**DATA SUPPLIED**
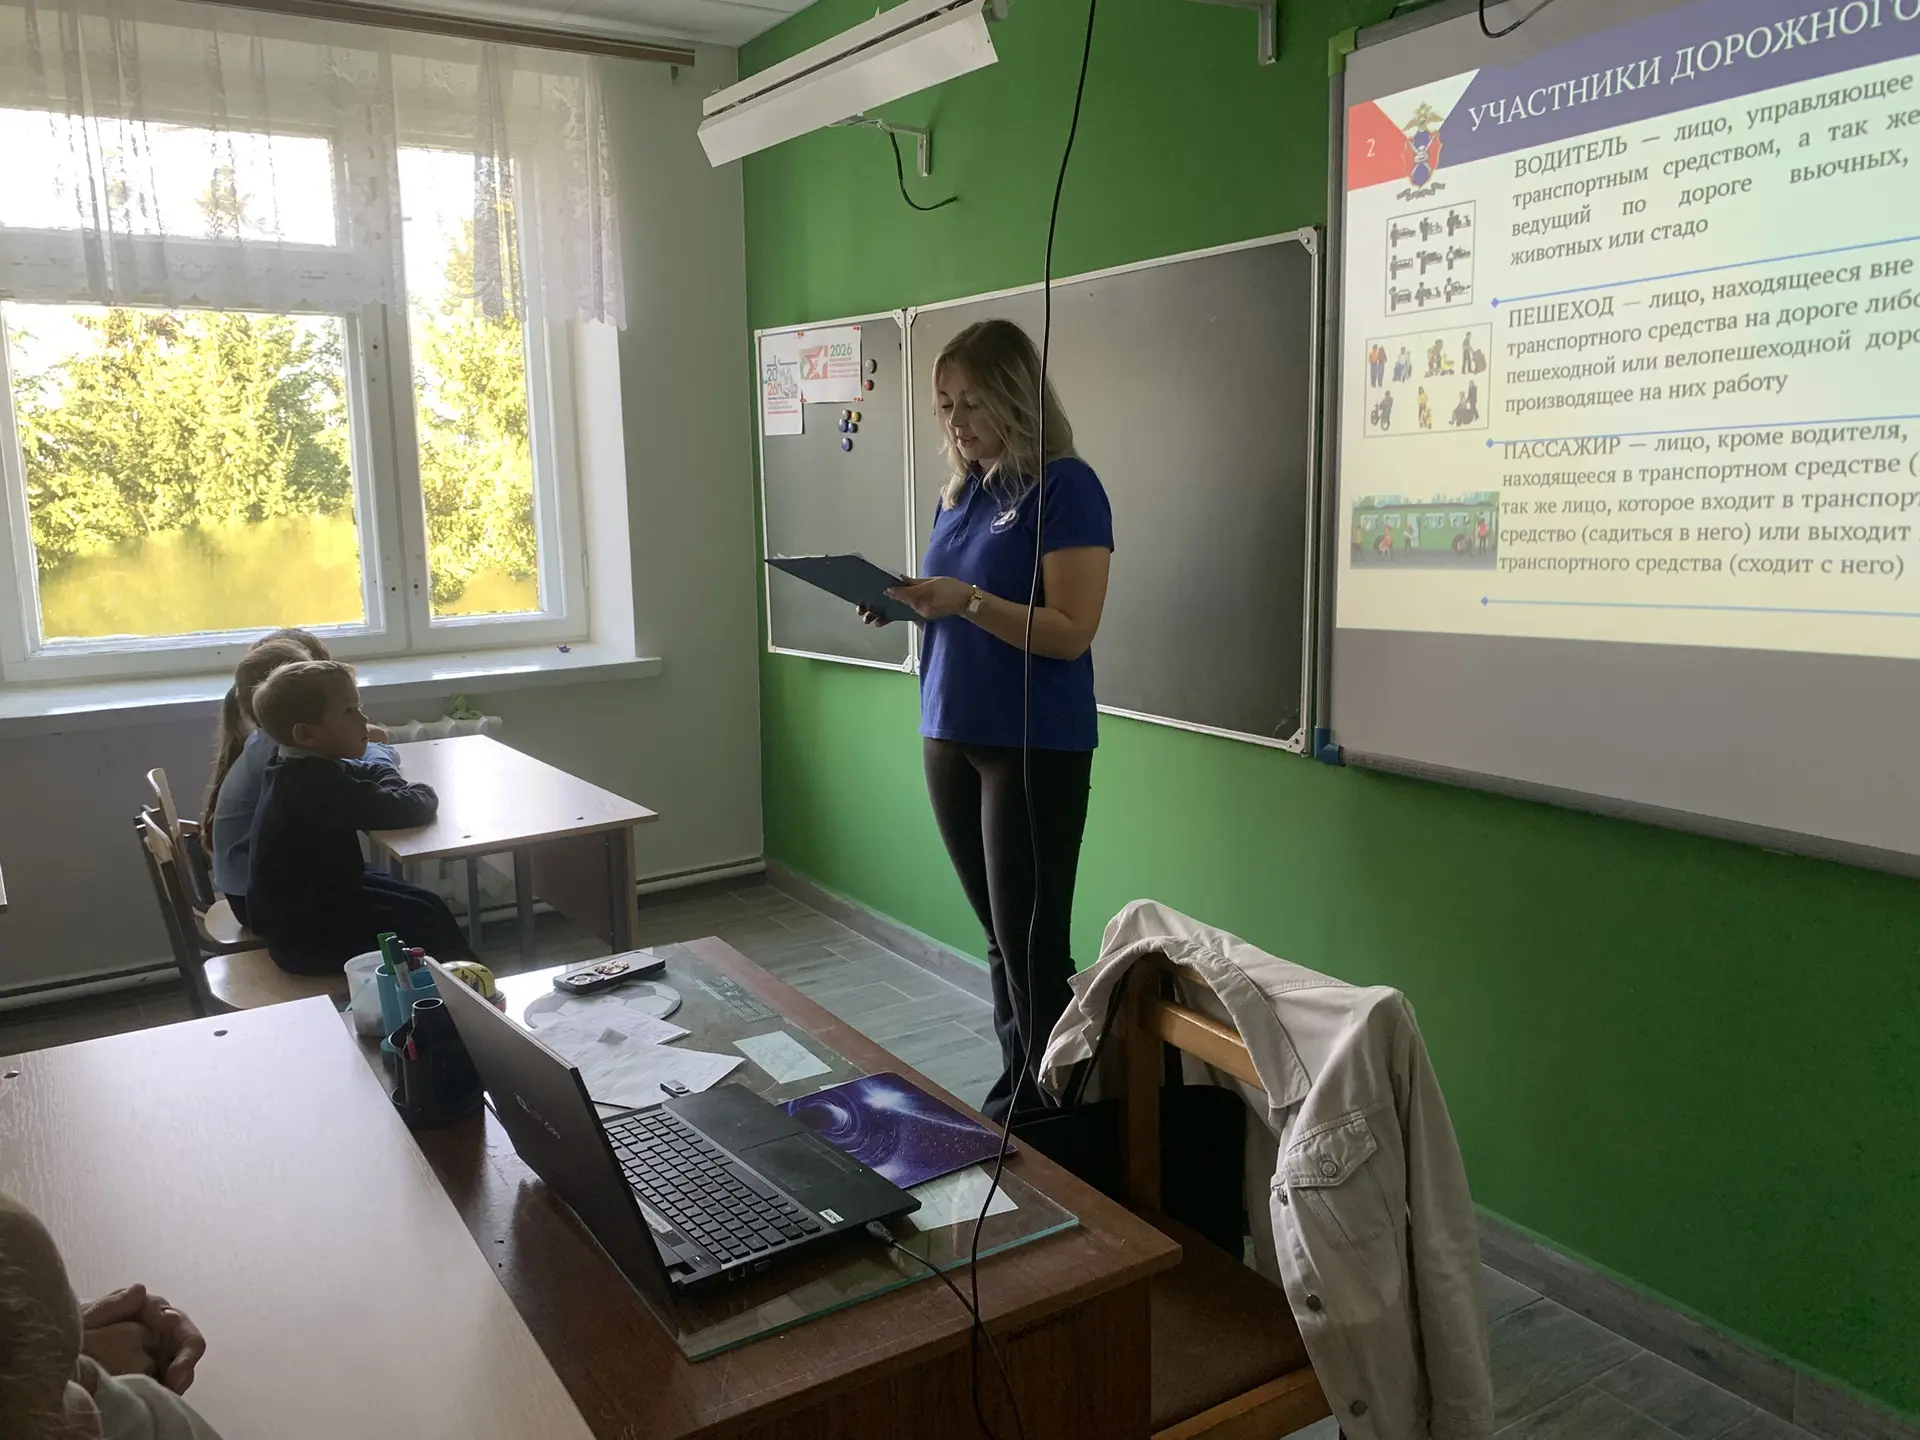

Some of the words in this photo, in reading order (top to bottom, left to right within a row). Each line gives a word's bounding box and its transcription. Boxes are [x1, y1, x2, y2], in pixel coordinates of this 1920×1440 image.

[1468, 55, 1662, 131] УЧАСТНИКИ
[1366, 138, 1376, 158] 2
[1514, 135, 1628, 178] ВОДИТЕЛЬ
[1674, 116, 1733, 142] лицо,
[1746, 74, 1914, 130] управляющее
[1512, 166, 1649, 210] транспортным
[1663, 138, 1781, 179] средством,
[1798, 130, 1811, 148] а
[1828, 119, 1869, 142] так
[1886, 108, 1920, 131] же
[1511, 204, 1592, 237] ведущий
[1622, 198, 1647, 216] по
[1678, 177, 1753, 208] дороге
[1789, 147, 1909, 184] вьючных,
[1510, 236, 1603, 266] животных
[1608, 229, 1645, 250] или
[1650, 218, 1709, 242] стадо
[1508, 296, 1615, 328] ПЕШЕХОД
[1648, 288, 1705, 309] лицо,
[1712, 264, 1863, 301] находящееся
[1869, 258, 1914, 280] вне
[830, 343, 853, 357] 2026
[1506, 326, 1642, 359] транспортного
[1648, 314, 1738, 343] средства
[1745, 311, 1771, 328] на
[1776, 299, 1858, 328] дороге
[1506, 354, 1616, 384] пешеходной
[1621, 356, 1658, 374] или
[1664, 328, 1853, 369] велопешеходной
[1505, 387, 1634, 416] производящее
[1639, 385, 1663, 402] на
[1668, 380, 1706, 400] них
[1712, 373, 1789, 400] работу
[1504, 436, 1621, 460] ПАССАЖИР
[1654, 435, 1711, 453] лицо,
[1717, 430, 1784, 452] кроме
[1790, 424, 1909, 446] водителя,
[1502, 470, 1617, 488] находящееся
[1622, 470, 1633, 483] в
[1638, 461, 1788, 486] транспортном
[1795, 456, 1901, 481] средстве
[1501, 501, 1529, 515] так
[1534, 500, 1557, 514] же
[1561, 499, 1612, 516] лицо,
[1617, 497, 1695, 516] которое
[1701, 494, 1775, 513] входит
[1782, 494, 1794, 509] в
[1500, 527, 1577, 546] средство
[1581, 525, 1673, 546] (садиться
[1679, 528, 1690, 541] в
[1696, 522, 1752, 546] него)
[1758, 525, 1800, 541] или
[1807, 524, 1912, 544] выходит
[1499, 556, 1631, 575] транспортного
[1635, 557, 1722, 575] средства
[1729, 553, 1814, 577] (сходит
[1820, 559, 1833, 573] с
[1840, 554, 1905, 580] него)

**TASK DESCRIPTION**
If a line of the records above holds the word "него", show it.

**WRITTEN REPLY**
[1696, 522, 1752, 546] него)
[1840, 554, 1905, 580] него)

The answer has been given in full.